This is just one of many terrifying near-misses that are increasingly common in America's hyper-concentrated, private equity-dominated rail sector, where unsafe practices dominate and whistleblowers face brutal retaliation for coming forward to regulators.
These unsafe practices – and the corporate policies that deliberately gave rise to them – are documented in terrifying, eye-watering detail in a deeply reported Propublica story by Topher Sanders, Jessica Lussenhop,Dan Schwartz, Danelle Morton and Gabriel L Sandoval:
https://www.propublica.org/article/railroad-safety-union-pacific-csx-bnsf-trains-freight
It's a tale of depraved indifference to public safety, backstopped by worker intimidation. The reporting is centered on railyard maintenance inspectors, who are charged with writing up "bad orders" to prevent unsafe railcars from shipping out. As private equity firms consolidated rail into an ever-dwindling number of companies, these workers face supervisors who are increasingly hostile to these bad orders.
It got so alarming that some staffers started carrying hidden digital recorders, so they could capture audio of their bosses illegally ordering them to greenlight railcars that were too unsafe for use. The article features direct – and alarming – quotes, like supervisor Andrew Letcher, boss of the maintenance crews at Union Pacific's Kansas City yard saying, "If I was an inspector on a train I would probably let some of that nitpicky shit go."
Letcher – and fellow managers for other Tier 1 railroads quoted in the piece – aren't innately hostile to public safety.
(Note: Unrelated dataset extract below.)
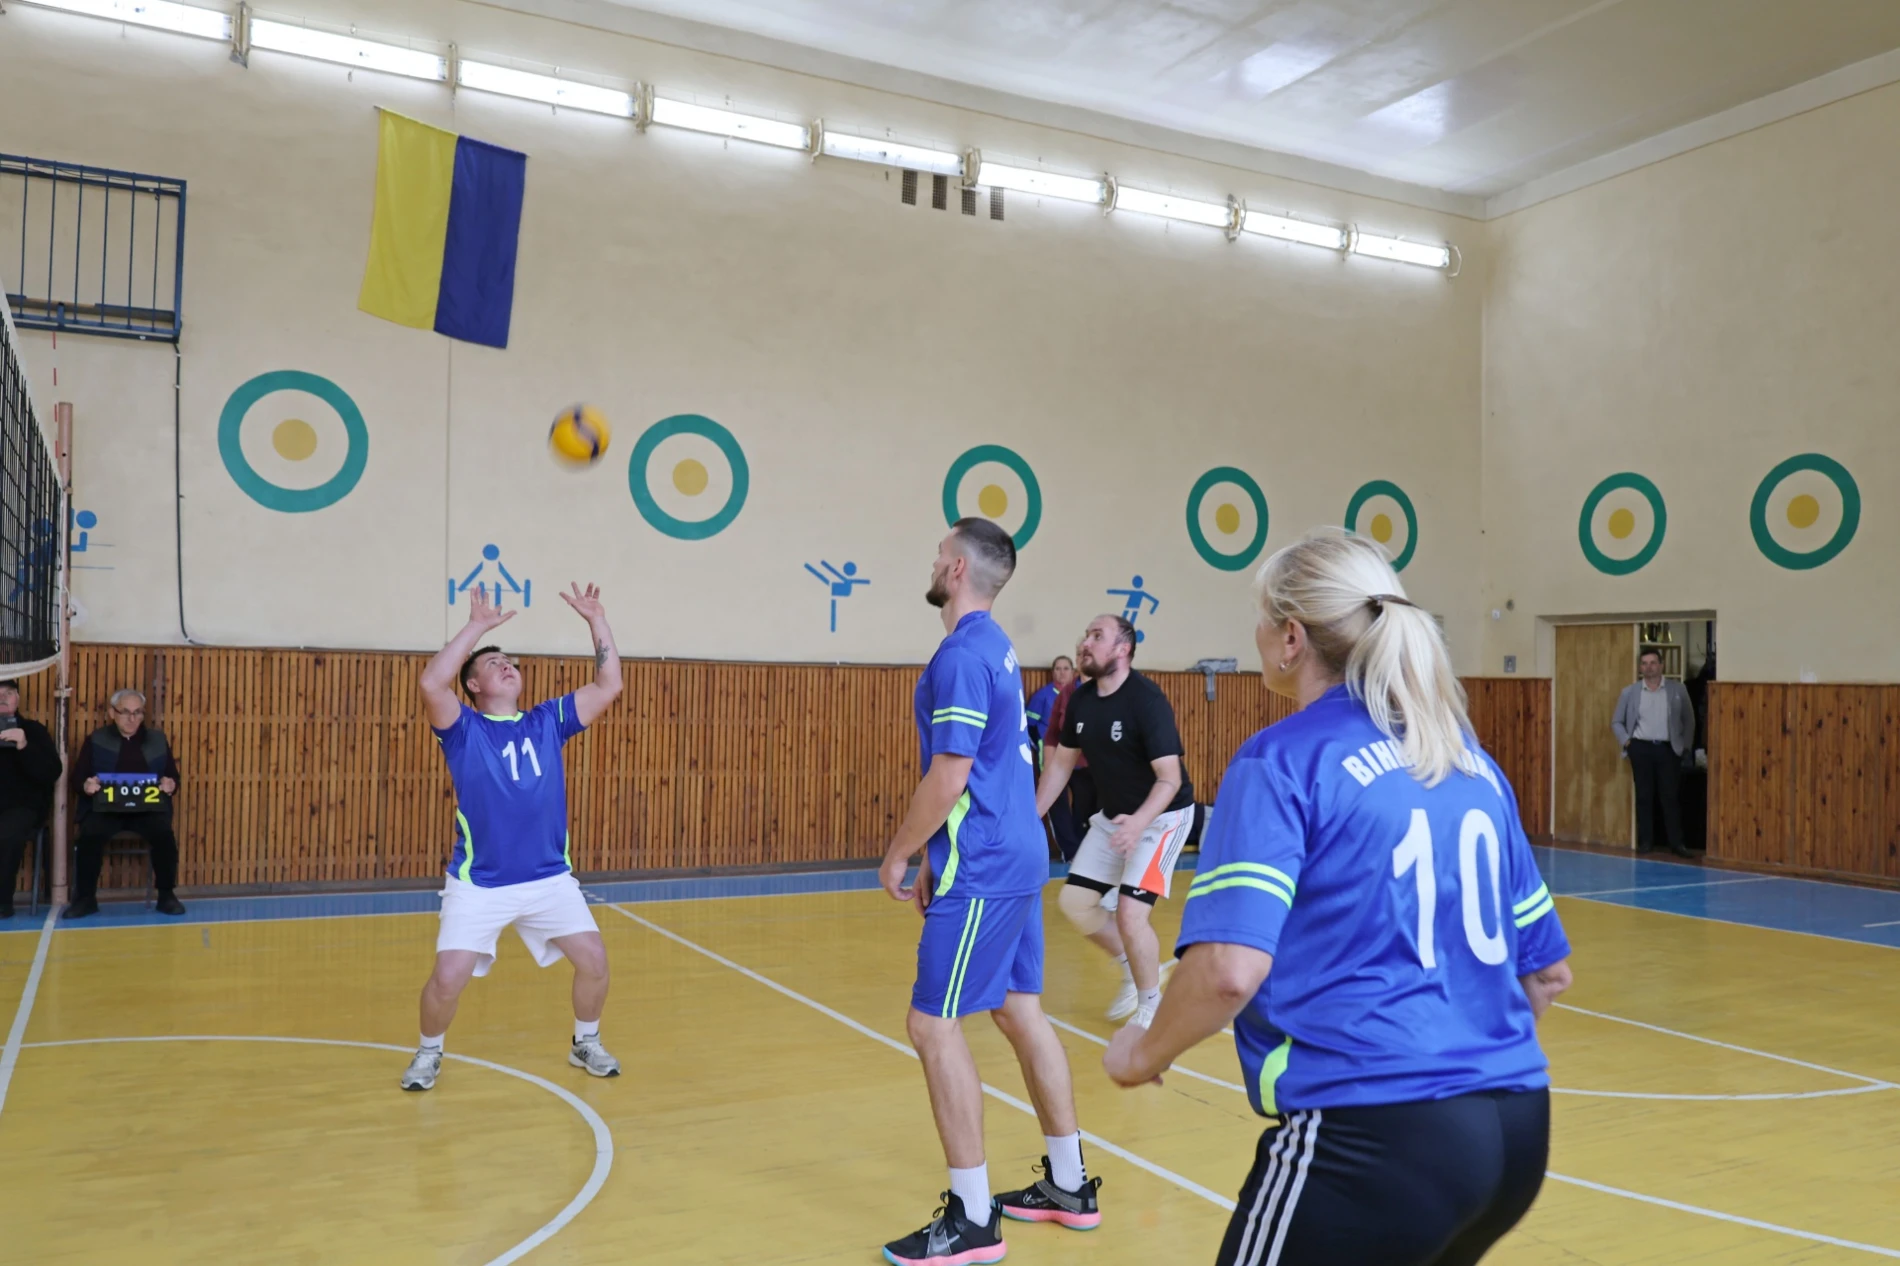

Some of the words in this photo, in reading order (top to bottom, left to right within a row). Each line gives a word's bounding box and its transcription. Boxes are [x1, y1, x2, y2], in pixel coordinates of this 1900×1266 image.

They are quite frank about why they want inspectors to "let that nitpicky shit go." As Letcher explains, "The first thing that I’m getting questioned about right now, every day, is why we’re over 200 bad orders and what we’re doing to get them down."
In other words, corporate rail owners have ordered their supervisors to reduce the amount of maintenance outages on the rail lines, but have not given them additional preventative maintenance budgets or crew. These supervisors warn their employees that high numbers of bad orders could cost them their jobs, even lead to the shutdown of the car shops where inspectors are prone to pulling dangerous cars out of service.
It's a ruthless form of winnowing. Gresham's Law holds that "bad money drives out good" – in an economy where counterfeit money circulates, people preferentially spend their fake money to get it out of their hands, until all the money in circulation is funny money. This is the rail safety equivalent: simply fire everyone who reports unsafe conditions and all your railcars will be deemed safe, with the worst railcars shipped out first. A market for lemons – except these aren't balky used sedans, they're unsafe railcars full of toxic chemicals or explosive propane.
When cataclysmic rail disasters occur – like this year's East Palestine derailment – the rail industry reassures us that this is an isolated incident, pointing to the system's excellent overall safety record. But that record is a mirage, because the near-misses don't have to be reported. Those near-misses are coming more frequently, as the culture of profit over safety incurs a mounting maintenance debt, filling America's rails with potential "bomb cars."
Rail mergers and other forms of deregulated, anything-goes capitalism are justified by conservative economists who insist that "incentives matter," and that the profit motive provides the incentive to improve efficiency, leading to lower costs and better service. But the incentive to externalize risk, kick the can down the road, and capture regulators rarely concerns the "incentives matter" crowd.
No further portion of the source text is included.